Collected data
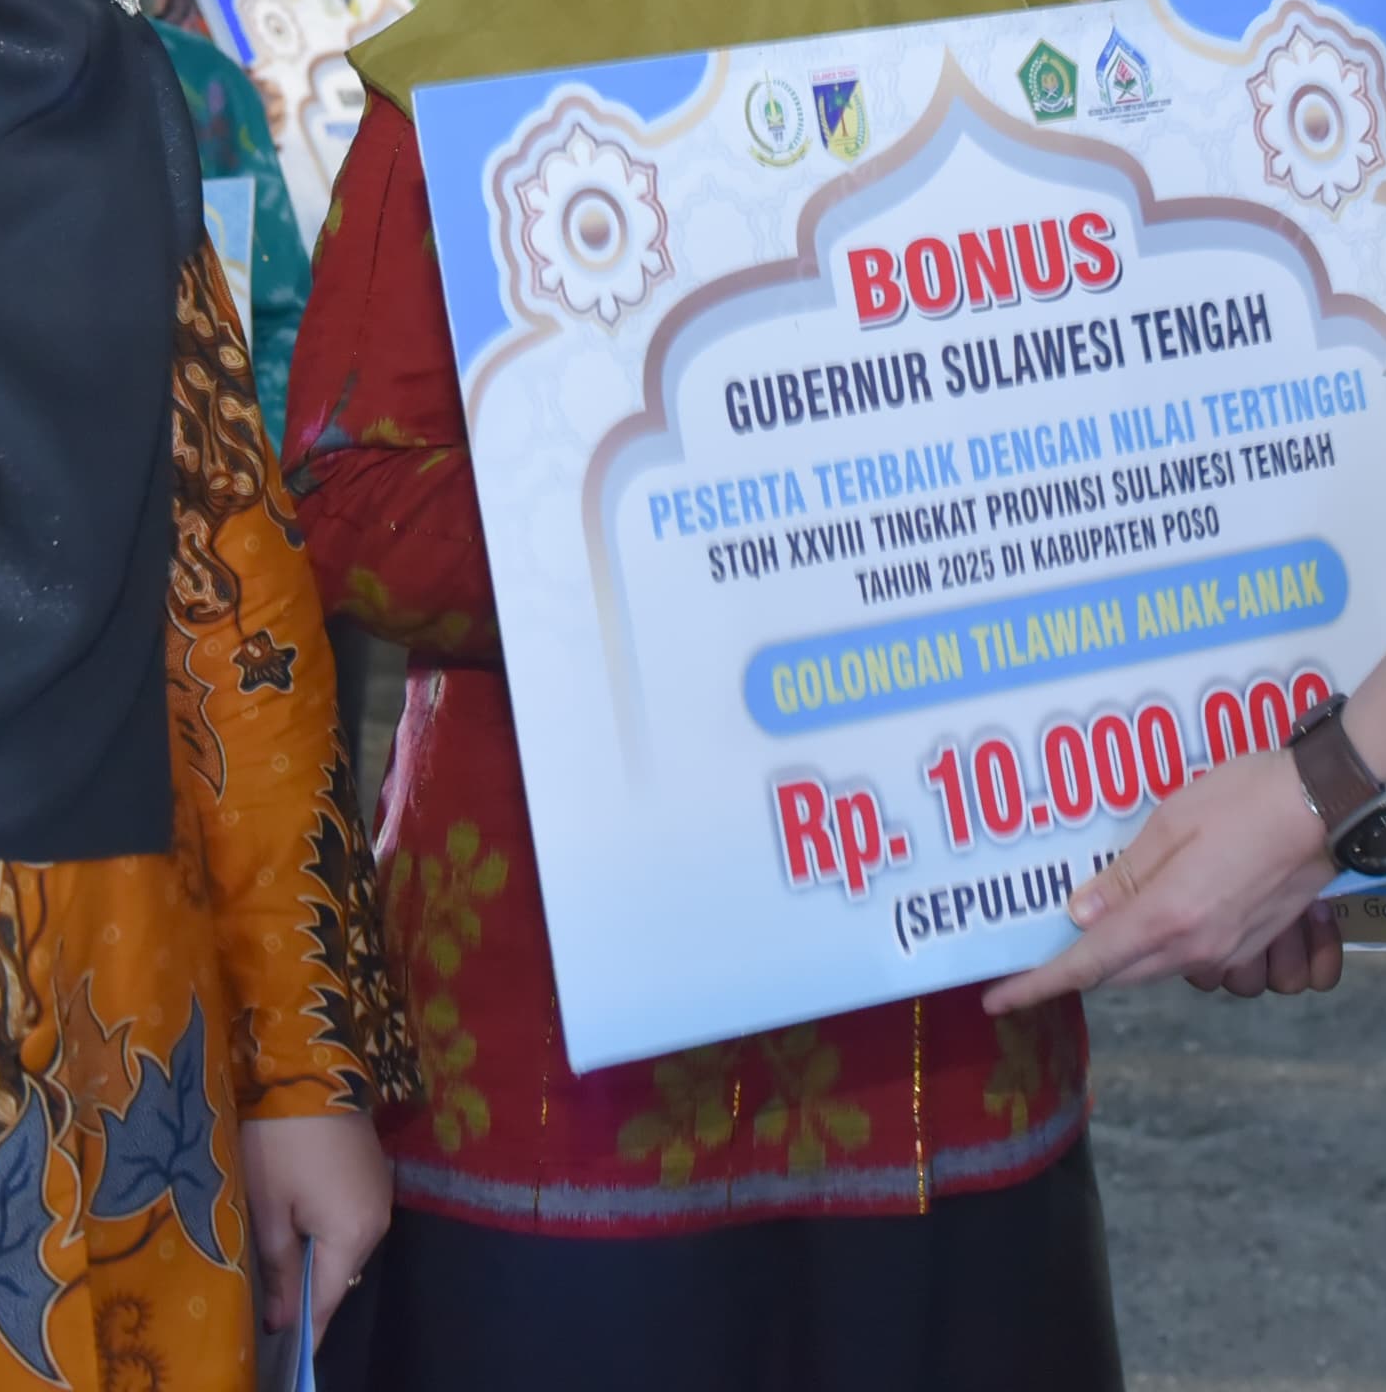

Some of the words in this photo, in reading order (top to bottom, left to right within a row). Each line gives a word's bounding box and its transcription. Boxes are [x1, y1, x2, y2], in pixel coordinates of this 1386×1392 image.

[847, 211, 1121, 328] BONUS
[725, 351, 934, 436] GUBERNUR
[942, 318, 1125, 396] SULAWESI
[1131, 293, 1272, 363] TENGAH
[648, 467, 806, 540] PESERTA
[813, 442, 961, 509] TERBAIK
[967, 416, 1102, 481] DENGAN
[1109, 400, 1196, 456] NILAI
[1202, 369, 1366, 439] TERTINGGI
[707, 535, 779, 583] STQH
[786, 518, 865, 568] XXVIII
[870, 498, 977, 551] TINGKAT
[986, 474, 1105, 530] PROVINSI
[1112, 451, 1235, 506] SULAWESI
[1239, 432, 1335, 481] TENGAH
[855, 560, 932, 606] TAHUN
[939, 549, 995, 590] 2025
[1001, 542, 1025, 576] DI
[1031, 517, 1157, 571] KABUPATEN
[1162, 506, 1221, 546] POSO
[771, 632, 962, 715] GOLONGAN
[970, 601, 1125, 673] TILAWAH
[1138, 561, 1324, 640] ANAK-ANAK
[776, 779, 908, 894] Rp.
[892, 861, 1074, 954] (SEPULUH
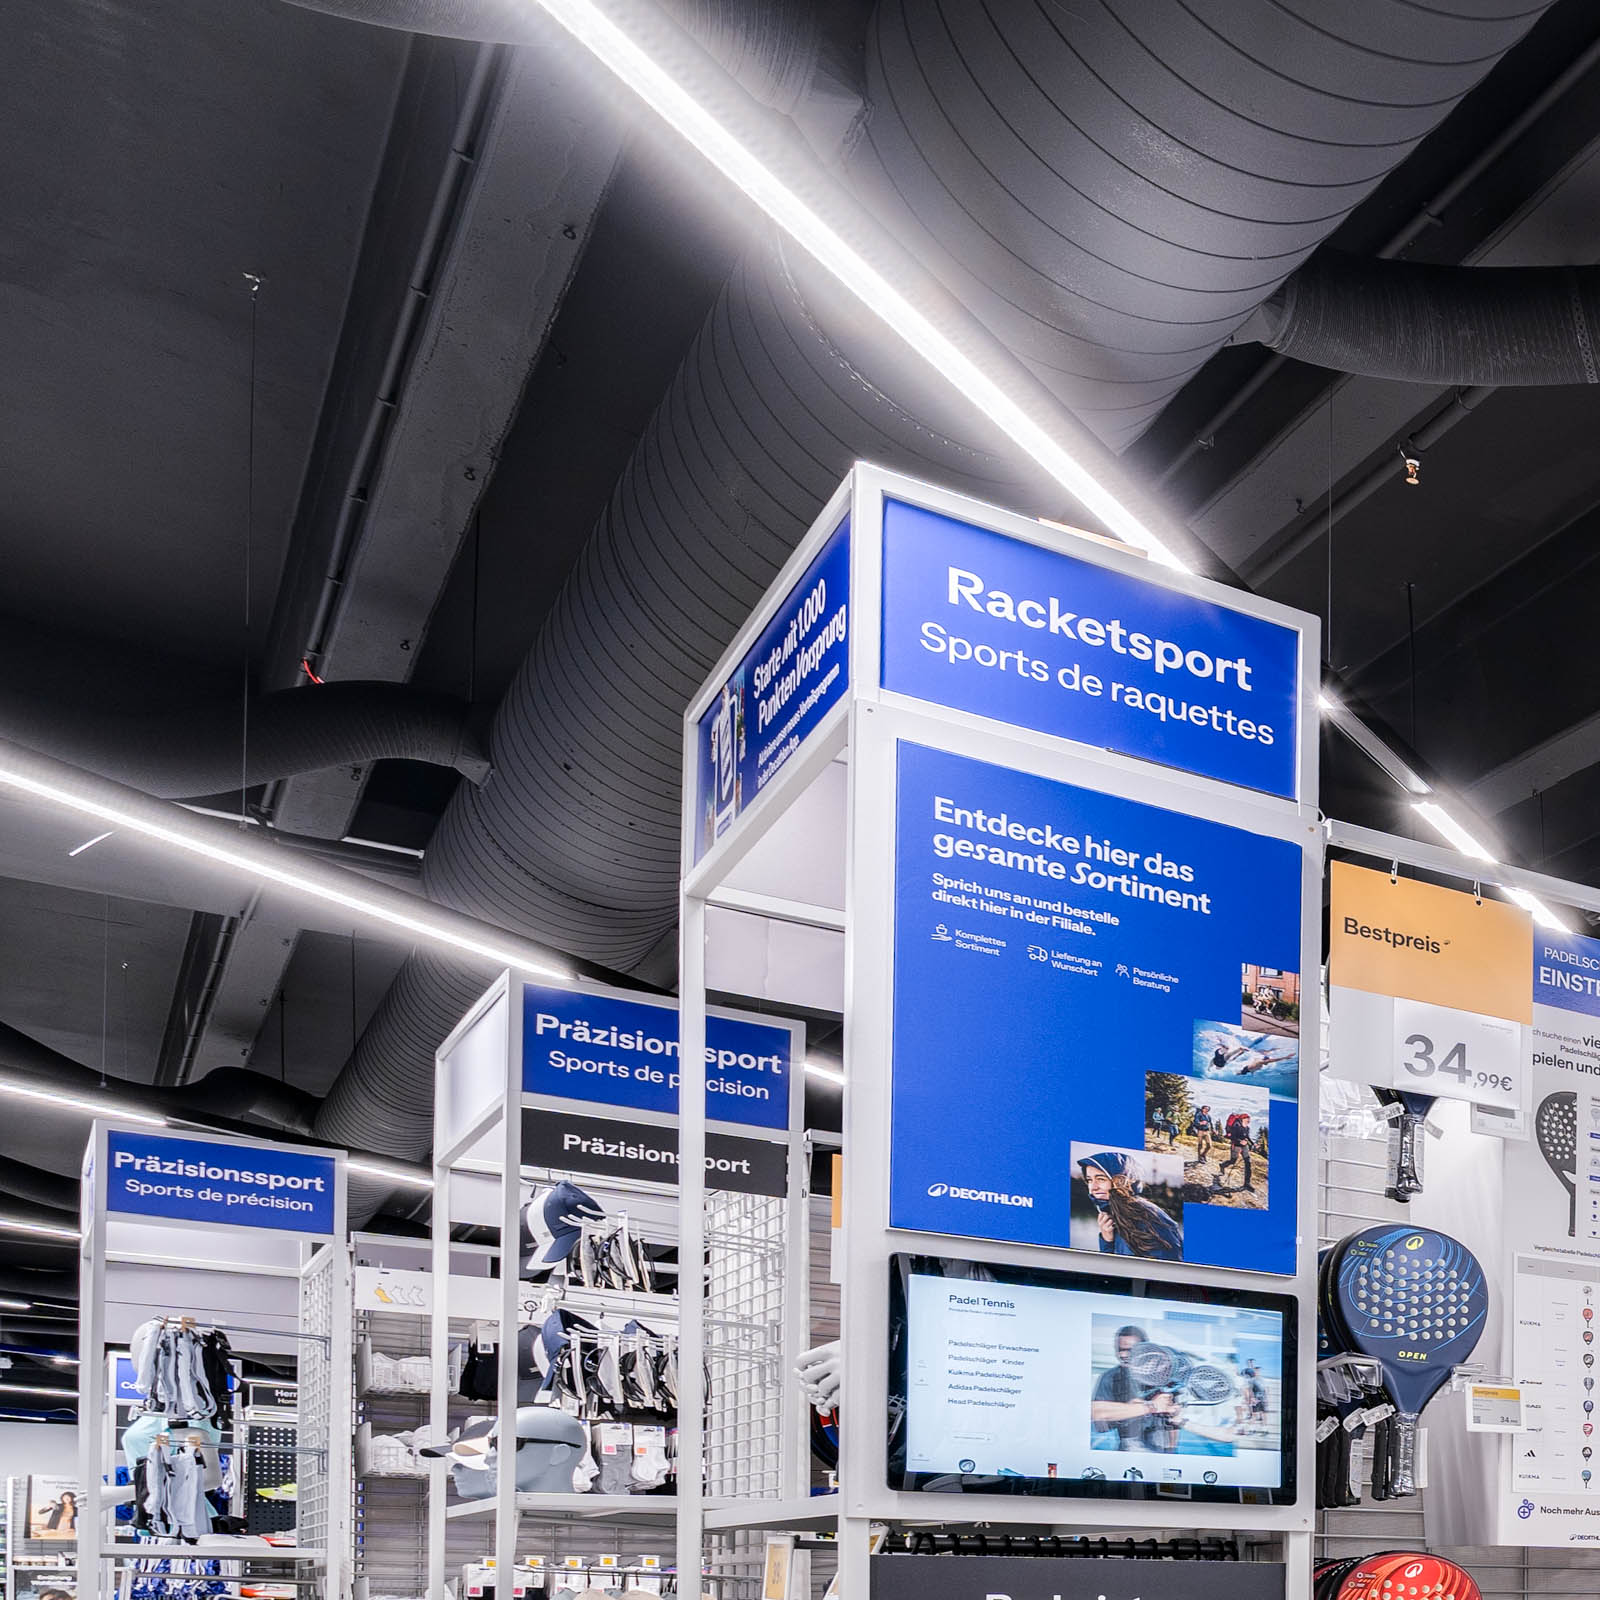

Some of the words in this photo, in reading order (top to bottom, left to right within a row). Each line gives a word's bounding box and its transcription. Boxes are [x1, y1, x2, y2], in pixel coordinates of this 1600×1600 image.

Exercise details: Once the pictures are removed, output the entries above exactly as given.

Exercise output:
Some of the words in this photo, in reading order (top to bottom, left to right within a row). Each line gives a word's bounding box and its transcription. Boxes are [x1, y1, x2, y2], in pixel coordinates of this 1386×1392 image.

[847, 211, 1121, 328] BONUS
[725, 351, 934, 436] GUBERNUR
[942, 318, 1125, 396] SULAWESI
[1131, 293, 1272, 363] TENGAH
[648, 467, 806, 540] PESERTA
[813, 442, 961, 509] TERBAIK
[967, 416, 1102, 481] DENGAN
[1109, 400, 1196, 456] NILAI
[1202, 369, 1366, 439] TERTINGGI
[707, 535, 779, 583] STQH
[786, 518, 865, 568] XXVIII
[870, 498, 977, 551] TINGKAT
[986, 474, 1105, 530] PROVINSI
[1112, 451, 1235, 506] SULAWESI
[1239, 432, 1335, 481] TENGAH
[855, 560, 932, 606] TAHUN
[939, 549, 995, 590] 2025
[1001, 542, 1025, 576] DI
[1031, 517, 1157, 571] KABUPATEN
[1162, 506, 1221, 546] POSO
[771, 632, 962, 715] GOLONGAN
[970, 601, 1125, 673] TILAWAH
[1138, 561, 1324, 640] ANAK-ANAK
[776, 779, 908, 894] Rp.
[892, 861, 1074, 954] (SEPULUH

Some of the words in this photo, in reading order (top to bottom, left to right within a row). Each line gives a word's bounding box and its transcription. Boxes are [x1, y1, x2, y2], in pixel coordinates of this 1600×1600 image.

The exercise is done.